I hope these first weeks of 2020 have been good to you. I imagine many of us have started the year with new resolutions (or maybe old resolutions but new excitement and momentum). May I share one of my resolutions with you? I wouldn’t call it “new” as much as reborn. 

I’m starting 2020 by staring down one of my fears. In a couple of weeks I’m going back to graduate school to complete my MFA in creative nonfiction writing.

The school part isn’t what I’ve feared. I love being part of a community of learners and writers. Nothing inspires me more.  

There was a period of time when writing sessions would often come to an abrupt end. The culprit: painful memories of some of my experiences as a hospital chaplain that I was trying to write about. The blessing of time passing, however, has calmed those storms. 

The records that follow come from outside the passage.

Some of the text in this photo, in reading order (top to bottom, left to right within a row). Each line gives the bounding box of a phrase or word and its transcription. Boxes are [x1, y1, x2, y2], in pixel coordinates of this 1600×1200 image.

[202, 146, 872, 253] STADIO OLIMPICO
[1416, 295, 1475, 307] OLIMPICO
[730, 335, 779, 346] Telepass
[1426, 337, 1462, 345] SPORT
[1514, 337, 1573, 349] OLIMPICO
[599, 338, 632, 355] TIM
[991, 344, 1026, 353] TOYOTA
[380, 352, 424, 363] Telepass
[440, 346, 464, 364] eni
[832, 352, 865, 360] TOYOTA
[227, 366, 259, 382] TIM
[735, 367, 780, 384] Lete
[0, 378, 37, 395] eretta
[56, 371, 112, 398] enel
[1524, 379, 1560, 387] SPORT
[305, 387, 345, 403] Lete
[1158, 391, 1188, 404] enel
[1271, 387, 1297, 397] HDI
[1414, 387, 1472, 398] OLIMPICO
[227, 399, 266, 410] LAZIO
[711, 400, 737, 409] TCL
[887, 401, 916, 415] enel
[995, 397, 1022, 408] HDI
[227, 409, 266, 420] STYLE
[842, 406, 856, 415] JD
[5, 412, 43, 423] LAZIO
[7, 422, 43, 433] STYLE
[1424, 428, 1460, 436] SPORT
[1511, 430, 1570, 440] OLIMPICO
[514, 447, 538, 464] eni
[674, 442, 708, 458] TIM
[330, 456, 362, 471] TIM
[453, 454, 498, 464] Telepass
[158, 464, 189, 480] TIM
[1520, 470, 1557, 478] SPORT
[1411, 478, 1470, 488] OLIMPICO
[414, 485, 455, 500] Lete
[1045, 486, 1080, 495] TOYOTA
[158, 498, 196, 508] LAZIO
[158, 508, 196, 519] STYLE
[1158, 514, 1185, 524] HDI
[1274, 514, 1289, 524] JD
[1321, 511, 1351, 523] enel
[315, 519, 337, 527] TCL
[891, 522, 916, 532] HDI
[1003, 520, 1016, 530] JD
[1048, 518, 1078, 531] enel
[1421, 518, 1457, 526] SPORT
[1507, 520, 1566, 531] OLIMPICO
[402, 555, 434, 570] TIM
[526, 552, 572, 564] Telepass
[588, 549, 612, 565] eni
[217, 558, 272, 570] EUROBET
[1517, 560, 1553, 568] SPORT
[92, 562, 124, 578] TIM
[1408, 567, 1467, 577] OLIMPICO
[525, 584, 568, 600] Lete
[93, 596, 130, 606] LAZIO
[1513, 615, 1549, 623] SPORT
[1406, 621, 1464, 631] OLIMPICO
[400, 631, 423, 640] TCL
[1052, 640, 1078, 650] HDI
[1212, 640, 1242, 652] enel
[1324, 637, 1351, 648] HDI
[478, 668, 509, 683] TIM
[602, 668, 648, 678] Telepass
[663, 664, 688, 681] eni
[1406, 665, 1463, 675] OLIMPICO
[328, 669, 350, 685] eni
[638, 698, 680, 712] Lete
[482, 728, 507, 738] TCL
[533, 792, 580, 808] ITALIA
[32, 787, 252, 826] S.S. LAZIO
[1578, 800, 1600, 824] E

There was a time when being vulnerable on the page would have been the thing that stopped me from writing anything truly meaningful. But writing this newsletter and various other pieces has gradually assuaged most of my discomfort with writing with the requisite openness that I, too, expect of a memoirist.  

So, what is it, really?

Maybe the answer can be best understood with a little Tess MFA history.

After a couple of false starts and stops, in December 2017 I completed my first semester in the Creative Nonfiction MFA Program at Goucher College in Baltimore, Maryland. After my dad passed away in January 2018 I took a semester off; I’ve not completed another semester since. 

I did start up again in July 2018, only to stop again two months later. What was wrong with me, I wondered. If writing my memoir is so important to me, why was I derailing myself at every turn?

The wisdom of my MFA program director, Leslie (who has, I’m sure, helped many a writer “off the ledge” and back into their creative work), has helped to bring the source of my fear into clearer focus. It seems so obvious to me now. Why is it the thing right in front of us, jumping up and down and yelling “pick me, pick me,” is the thing we are often least willing to acknowledge? I suppose in my case there was some pride involved, of feeling sure I could do it on my own. 

Leslie shared a marvelous essay with me, written by Gail Godwin, and titled, “The Watcher at the Gate.” If I had read the essay back in September 2018 when Leslie first shared it with me, perhaps I’d be an MFA graduate by now. Fortunately I came back to the essay a few weeks ago. I read it and said to myself, Leslie knew.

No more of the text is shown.